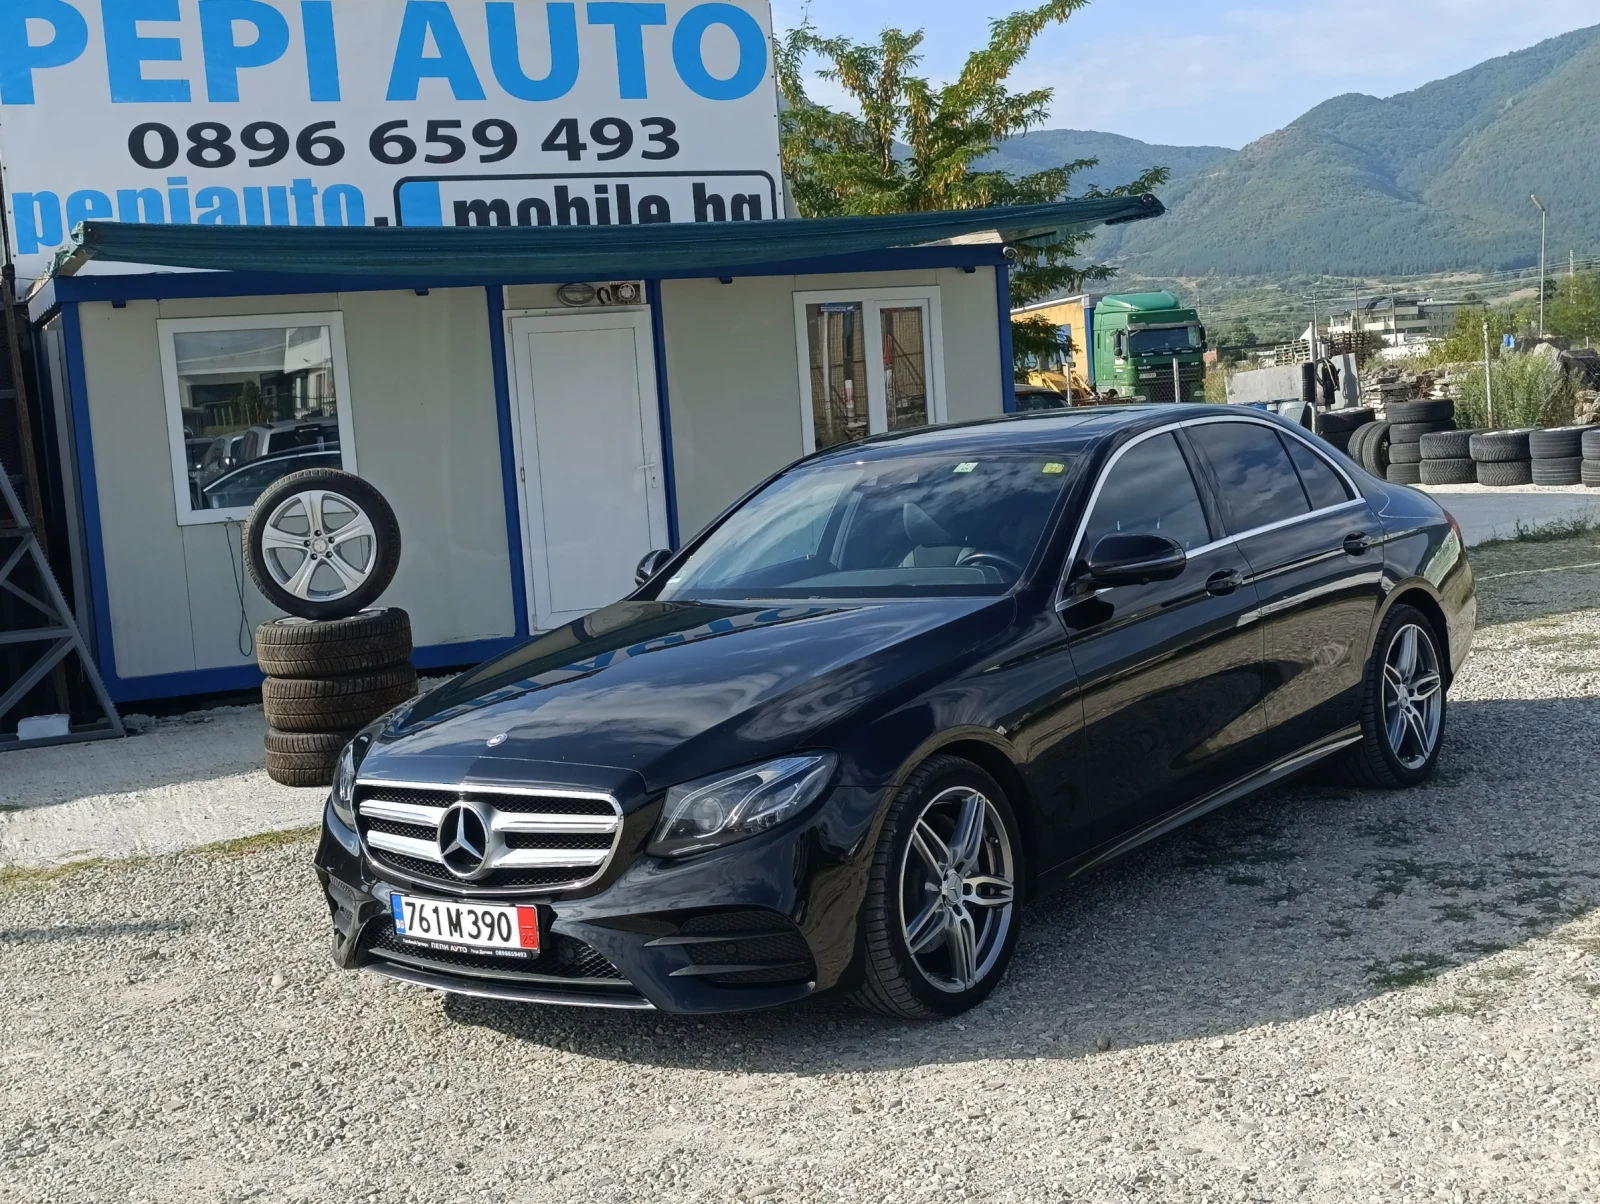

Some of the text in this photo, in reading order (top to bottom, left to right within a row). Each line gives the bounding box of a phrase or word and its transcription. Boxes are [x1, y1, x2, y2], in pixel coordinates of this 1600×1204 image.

[0, 0, 768, 105] PEPI AUTO
[127, 116, 681, 170] 0896 659 493
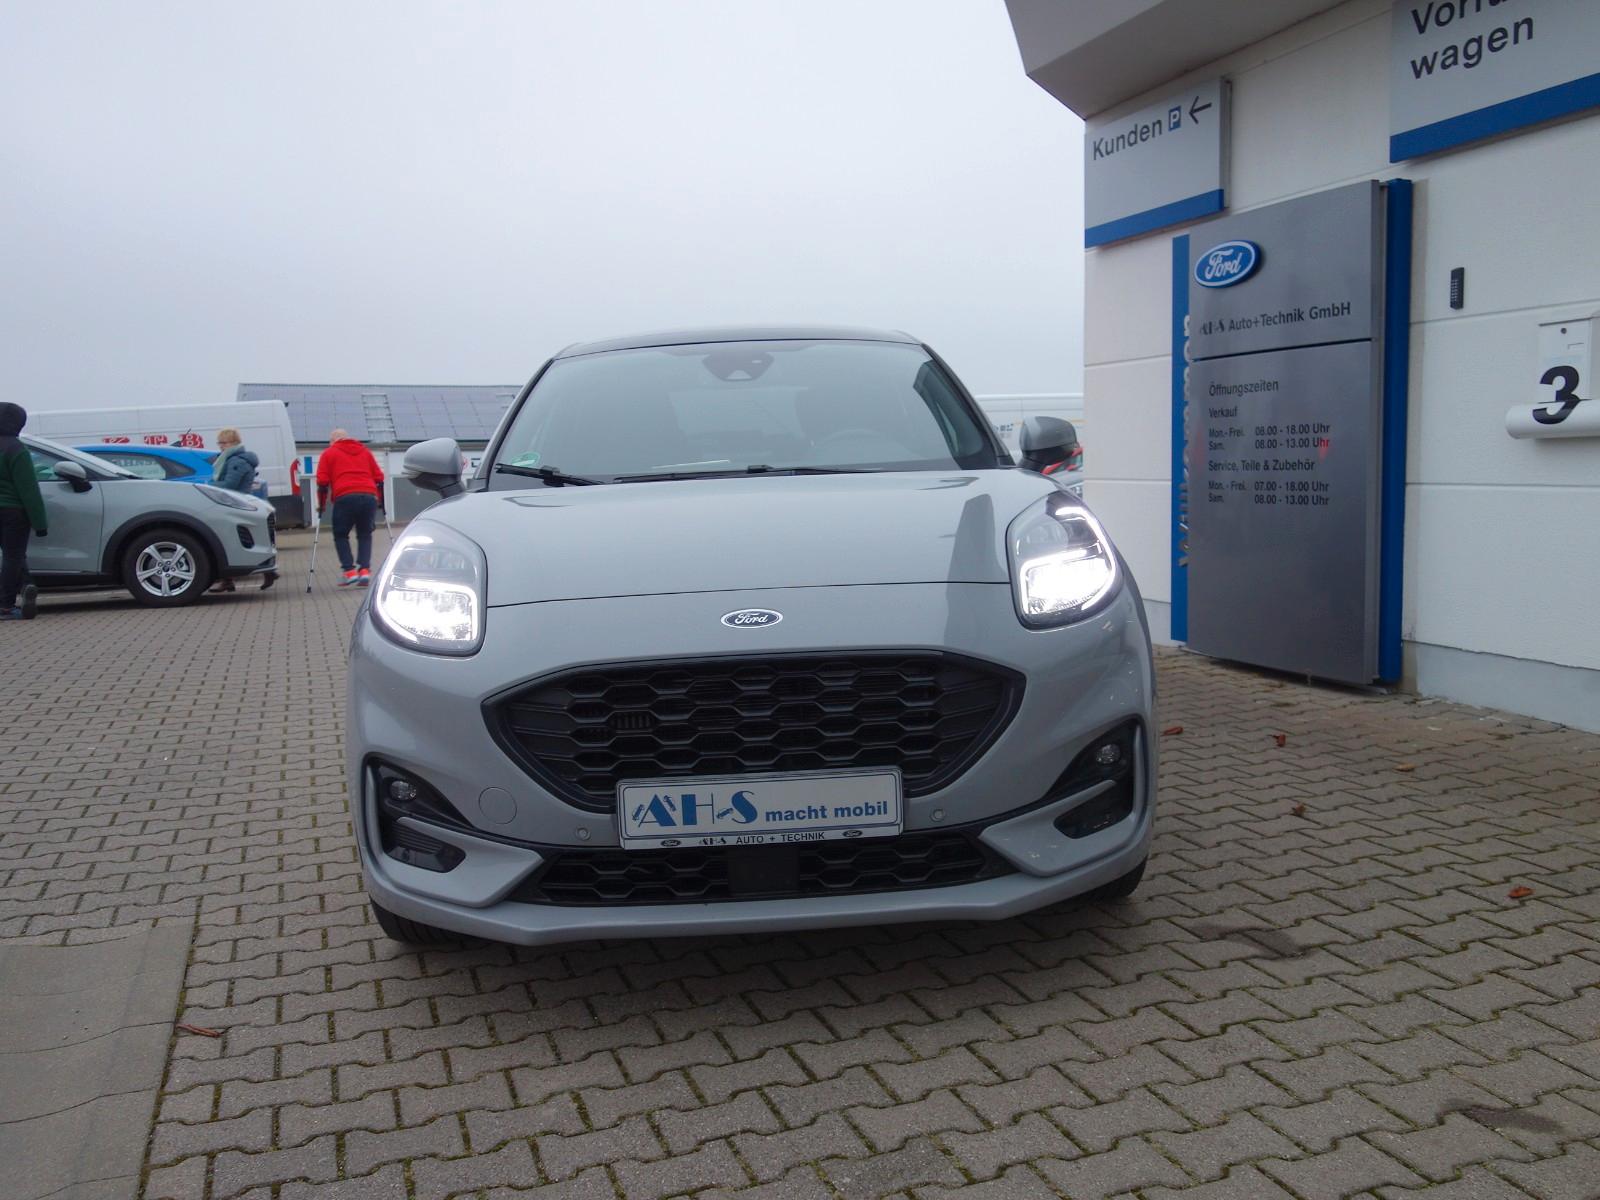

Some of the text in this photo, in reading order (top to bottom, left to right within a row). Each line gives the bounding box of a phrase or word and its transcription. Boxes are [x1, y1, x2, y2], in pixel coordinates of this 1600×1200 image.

[1411, 0, 1508, 34] Vor
[1410, 17, 1534, 79] wagen
[1093, 119, 1163, 160] Kunden
[1204, 248, 1243, 279] Ford
[1228, 308, 1304, 332] Auto+Technik
[1309, 302, 1351, 320] GmbH
[1208, 380, 1279, 397] Öffnungszeiten
[1532, 365, 1580, 425] 3
[1208, 406, 1238, 418] Verkauf
[1286, 424, 1310, 435] 18.00
[1312, 424, 1330, 434] Uhr
[1255, 439, 1277, 449] 08.00
[1286, 438, 1310, 448] 13.00
[1312, 437, 1329, 447] Uhr
[1208, 459, 1315, 472] Service, Teile & Zubehör
[1254, 481, 1277, 491] 07.00
[1285, 482, 1309, 492] 18.00
[1312, 481, 1329, 492] Uhr
[1254, 494, 1277, 504] 08.00
[1285, 495, 1309, 505] 13.00
[1312, 495, 1329, 505] Uhr
[734, 612, 769, 624] Ford
[635, 790, 889, 827] AHS macht mobil
[736, 834, 764, 846] AUTO
[780, 831, 825, 843] TECHNIK
*****
--- Task statement ---
The output is to be the material in full and unaltered, with pictures omitted.

--- Result ---
Some of the text in this photo, in reading order (top to bottom, left to right within a row). Each line gives the bounding box of a phrase or word and its transcription. Boxes are [x1, y1, x2, y2], in pixel coordinates of this 1600×1204 image.

[0, 0, 768, 105] PEPI AUTO
[127, 116, 681, 170] 0896 659 493

Some of the text in this photo, in reading order (top to bottom, left to right within a row). Each line gives the bounding box of a phrase or word and its transcription. Boxes are [x1, y1, x2, y2], in pixel coordinates of this 1600×1200 image.

[1411, 0, 1508, 34] Vor
[1410, 17, 1534, 79] wagen
[1093, 119, 1163, 160] Kunden
[1204, 248, 1243, 279] Ford
[1228, 308, 1304, 332] Auto+Technik
[1309, 302, 1351, 320] GmbH
[1208, 380, 1279, 397] Öffnungszeiten
[1532, 365, 1580, 425] 3
[1208, 406, 1238, 418] Verkauf
[1286, 424, 1310, 435] 18.00
[1312, 424, 1330, 434] Uhr
[1255, 439, 1277, 449] 08.00
[1286, 438, 1310, 448] 13.00
[1312, 437, 1329, 447] Uhr
[1208, 459, 1315, 472] Service, Teile & Zubehör
[1254, 481, 1277, 491] 07.00
[1285, 482, 1309, 492] 18.00
[1312, 481, 1329, 492] Uhr
[1254, 494, 1277, 504] 08.00
[1285, 495, 1309, 505] 13.00
[1312, 495, 1329, 505] Uhr
[734, 612, 769, 624] Ford
[635, 790, 889, 827] AHS macht mobil
[736, 834, 764, 846] AUTO
[780, 831, 825, 843] TECHNIK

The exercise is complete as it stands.